Nous repartîmes. Un joli soleil pâle nous éclairait. Henriette chanta. Mais une fêlure de la glace, qui avait l’air de nous accompagner, car elle se produisait au fur et à mesure de notre passage, ne laissa pas de nous inquiéter, et pendant un moment nous n’avançâmes plus qu’avec une certaine timidité, Georges en tête, puis Raymond, puis, ensemble, Henriette et moi.

— Halte ! cria Georges.

Nous étions déjà près de lui, et nous vîmes un trou assez large où l’eau du fleuve scintillait un peu au-dessous des bords.

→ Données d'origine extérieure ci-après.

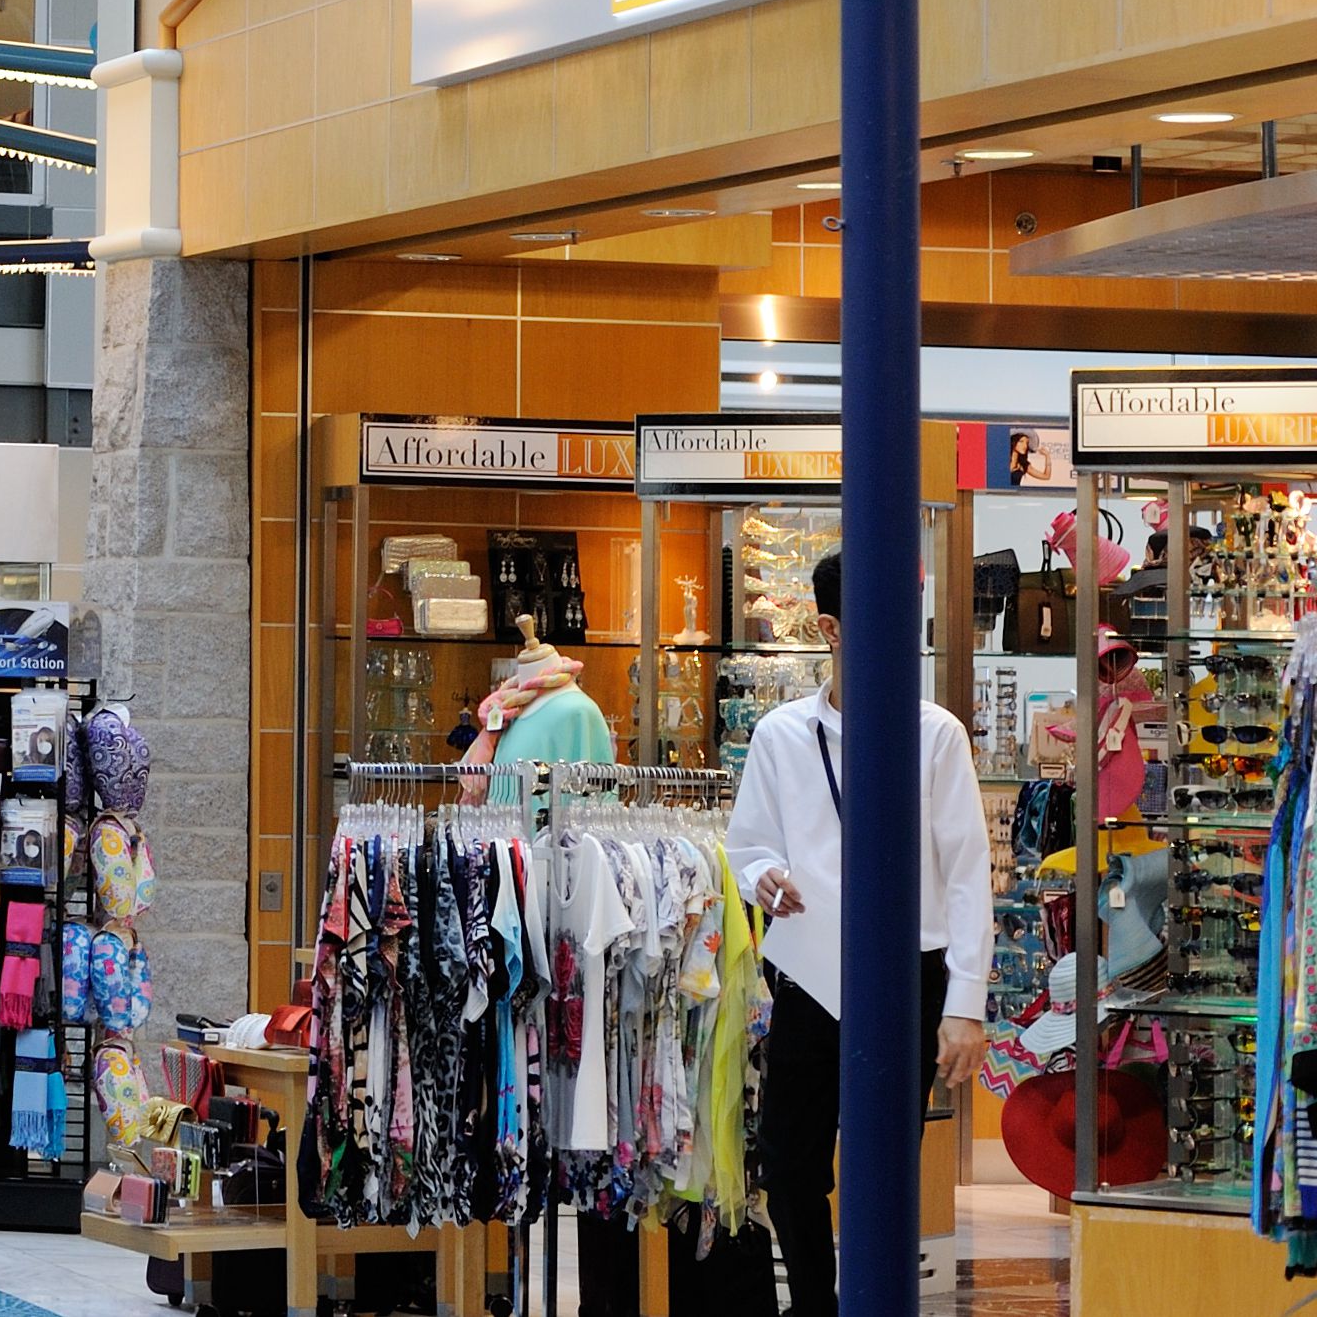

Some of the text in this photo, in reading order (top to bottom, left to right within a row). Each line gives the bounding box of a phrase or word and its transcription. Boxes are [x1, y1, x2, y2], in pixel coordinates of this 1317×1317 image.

[1083, 387, 1235, 414] Affordable
[646, 429, 767, 451] Affordable
[375, 435, 547, 470] Affordable
[20, 656, 65, 670] Station
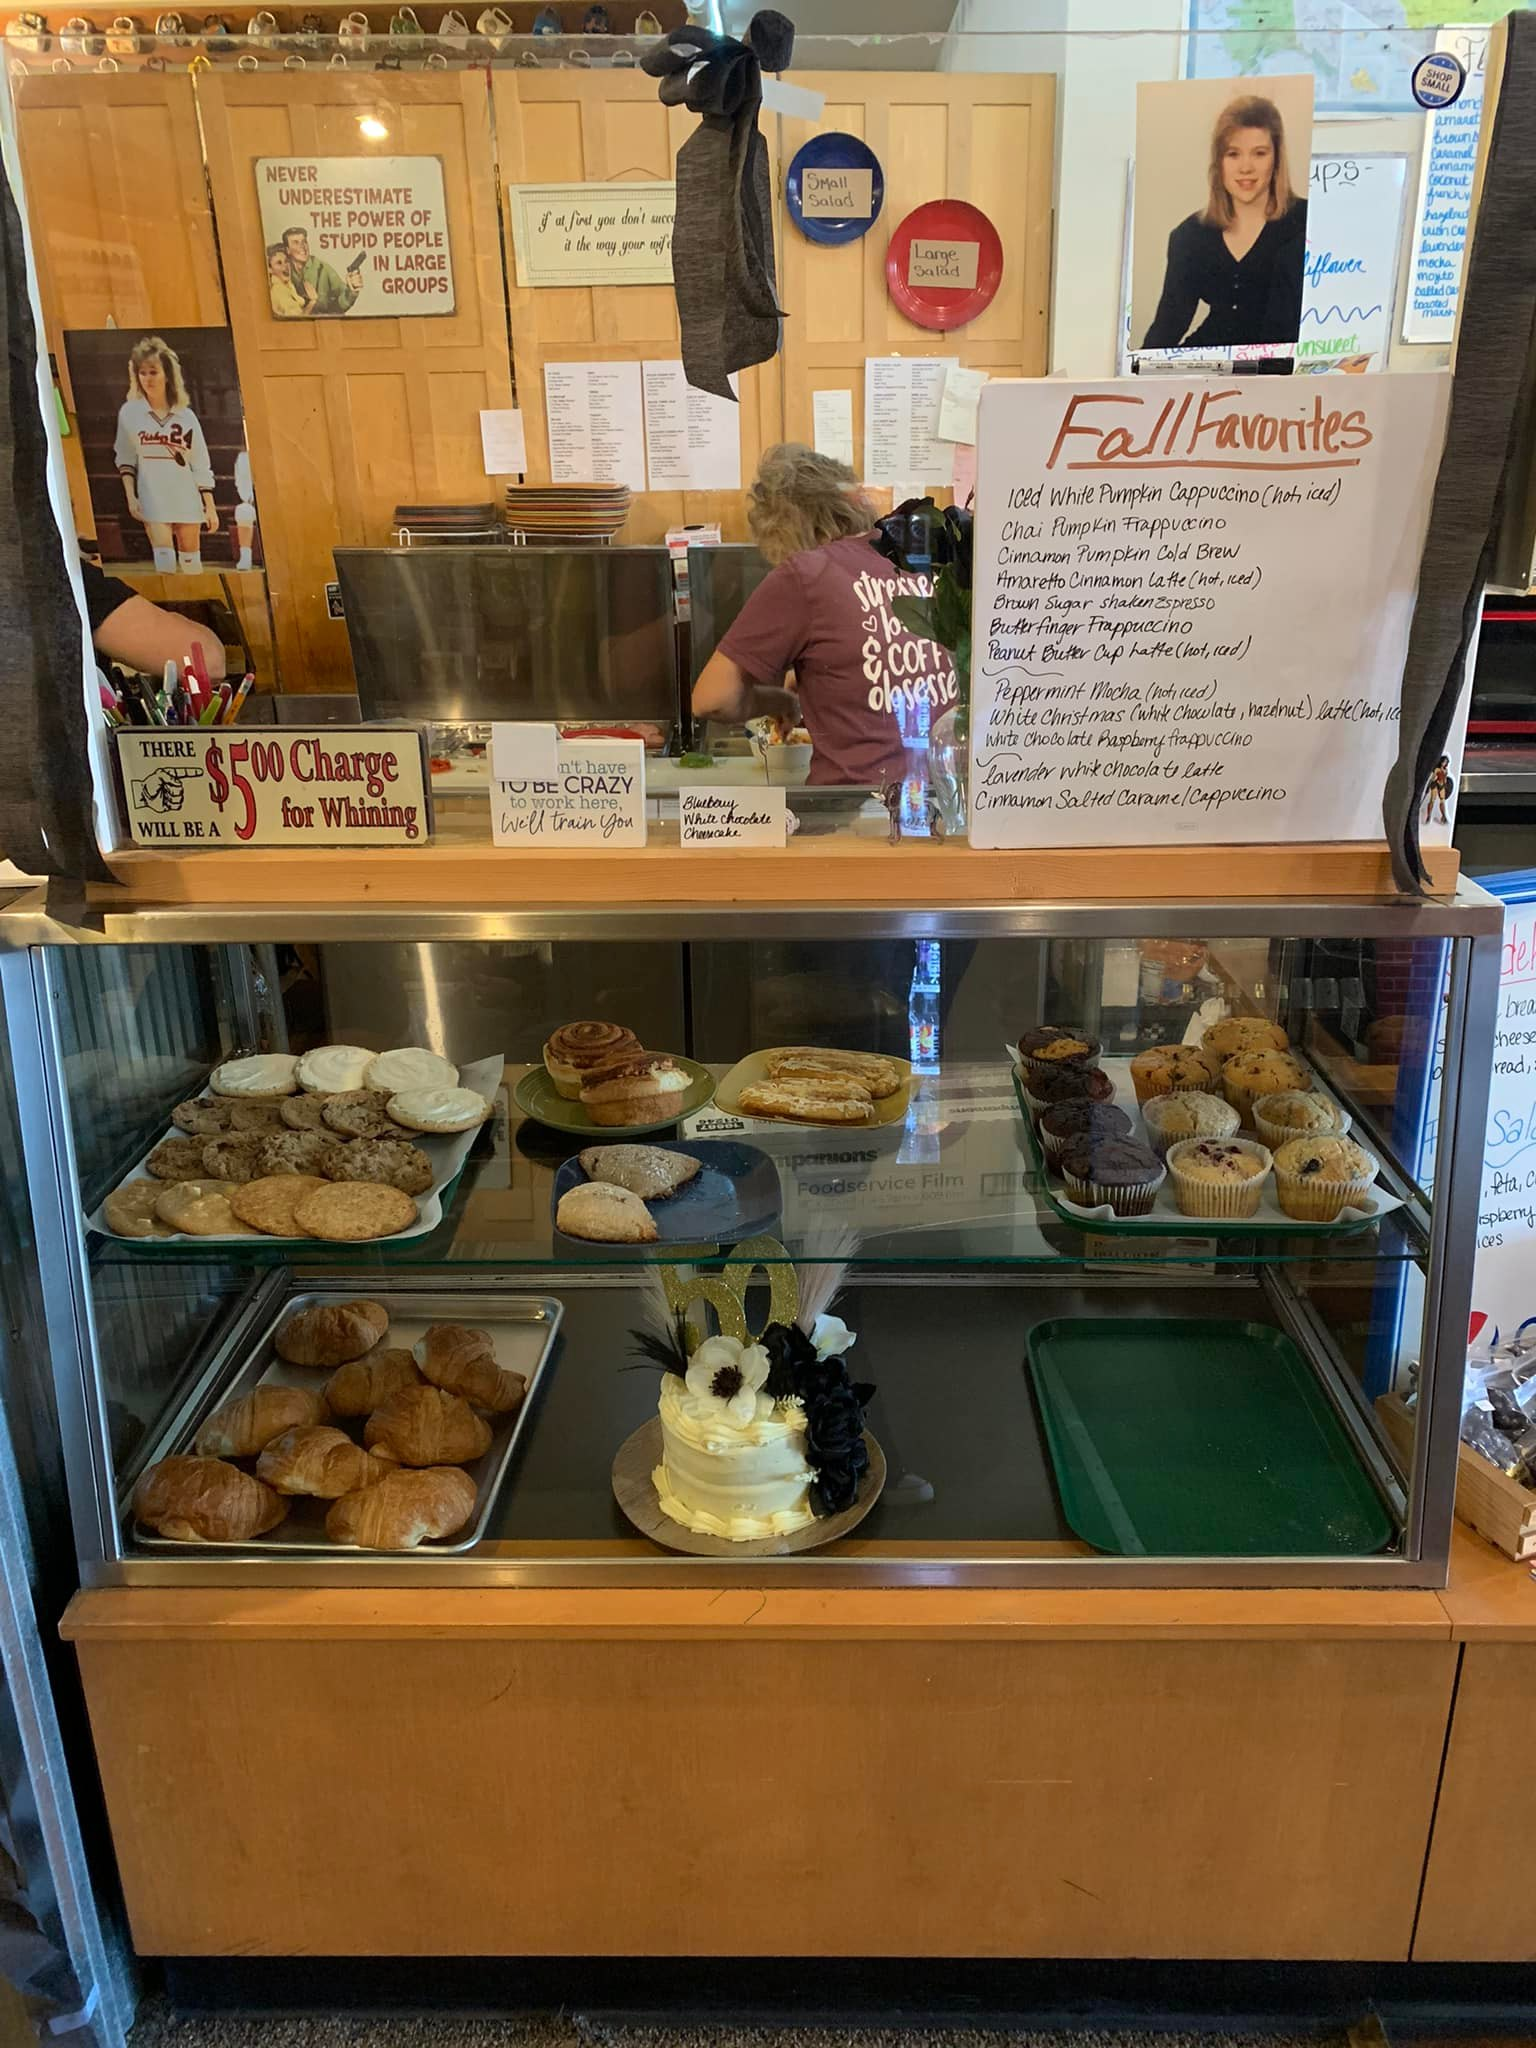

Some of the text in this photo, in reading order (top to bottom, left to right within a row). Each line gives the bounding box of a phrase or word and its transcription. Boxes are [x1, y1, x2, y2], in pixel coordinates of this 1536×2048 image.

[1421, 77, 1451, 93] SMALL
[1425, 69, 1453, 82] SHOP
[265, 165, 318, 183] NEVER
[278, 188, 413, 206] UNDERESTIMATE
[310, 209, 432, 228] THE POWER OF
[538, 210, 552, 233] if
[555, 215, 565, 226] at
[564, 209, 593, 233] first
[594, 216, 616, 232] you
[621, 206, 647, 225] don't
[319, 231, 444, 250] STUPID PEOPLE
[564, 239, 572, 252] it
[576, 235, 592, 252] the
[596, 241, 617, 257] way
[618, 241, 646, 257] your
[373, 254, 447, 272] IN LARGE
[915, 243, 959, 267] Large
[1418, 257, 1456, 268] mocha
[382, 276, 449, 294] GROUPS
[171, 423, 193, 450] 24
[1046, 392, 1193, 470] Fall
[1186, 388, 1373, 454] Favorites
[1008, 483, 1045, 509] Iced
[1050, 480, 1094, 507] White
[1099, 482, 1162, 513] Pumpkin
[1168, 480, 1260, 513] Cappuccino
[1305, 477, 1342, 506] iced)
[1001, 514, 1227, 544] Chai Pumpkin Frappuccino
[997, 543, 1241, 567] Cinnamon Pumpkin Cold Brew
[996, 570, 1066, 591] Amaretto
[1069, 570, 1144, 591] Cinnamon
[1188, 566, 1225, 590] (hot,
[992, 593, 1039, 611] Brown
[1047, 594, 1094, 618] Sugar
[1088, 615, 1193, 640] Frappuccino
[988, 639, 1036, 662] Peanut
[1042, 643, 1091, 663] Butter
[1093, 642, 1124, 665] Cup
[1175, 640, 1211, 660] (hot,
[1213, 634, 1253, 660] iced)
[995, 678, 1087, 706] Peppermint
[1090, 681, 1142, 701] Mocha
[989, 707, 1039, 726] White
[1040, 707, 1123, 727] Christmas
[1248, 693, 1313, 720] hazelnut)
[1351, 698, 1385, 723] (hot,
[139, 740, 196, 758] THERE
[1097, 727, 1166, 759] Raspberry
[289, 737, 399, 798] Charge
[585, 759, 627, 775] have
[532, 780, 559, 794] BE
[563, 775, 634, 795] CRAZY
[510, 794, 624, 811] to work here,
[682, 796, 738, 815] Blueberry
[975, 790, 1053, 811] Cinnamon
[1055, 789, 1116, 811] Salted
[1188, 786, 1287, 812] Cappuccino
[137, 820, 222, 839] WILL BE A
[281, 796, 418, 840] for Whining
[500, 809, 546, 834] We'll
[549, 812, 597, 831] train
[683, 812, 718, 826] White
[683, 826, 742, 840] Cheesecake
[797, 1175, 916, 1197] Foodservice
[921, 1172, 964, 1189] Film

— J’ai peur ! dit Henriette.

— De quoi ? répliqua Raymond, regardez comme la glace est épaisse… Au moins vingt centimètres.

Et de fait, il n’y avait aucun danger. Les deux hommes s’approchèrent.

Et soudain, d’un coup dans le dos, Raymond poussa brusquement le mari d’Henriette. Au lieu de tomber en avant, Georges, à cause de ses patins qui glissèrent sous lui, perdit l’équilibre en arrière, ce qui le rejeta sur Raymond. Il s’accrocha au bras de son ami, qui tenta se dégager. Mais l’autre tenait bon, et ce fut entre eux une lutte furieuse, sans merci.

Tout de suite, hurlant d’effroi, je voulus m’élancer. Henriette fut plus vive que moi : elle me barra le chemin et m’empoigna par les deux épaules pour me retenir.

Je bégayai :

— Séparez-les… vite… Ah ! laissez moi…

— Mais tu ne vois donc pas qu’ils jouent ? Eh oui, ils s’amusent…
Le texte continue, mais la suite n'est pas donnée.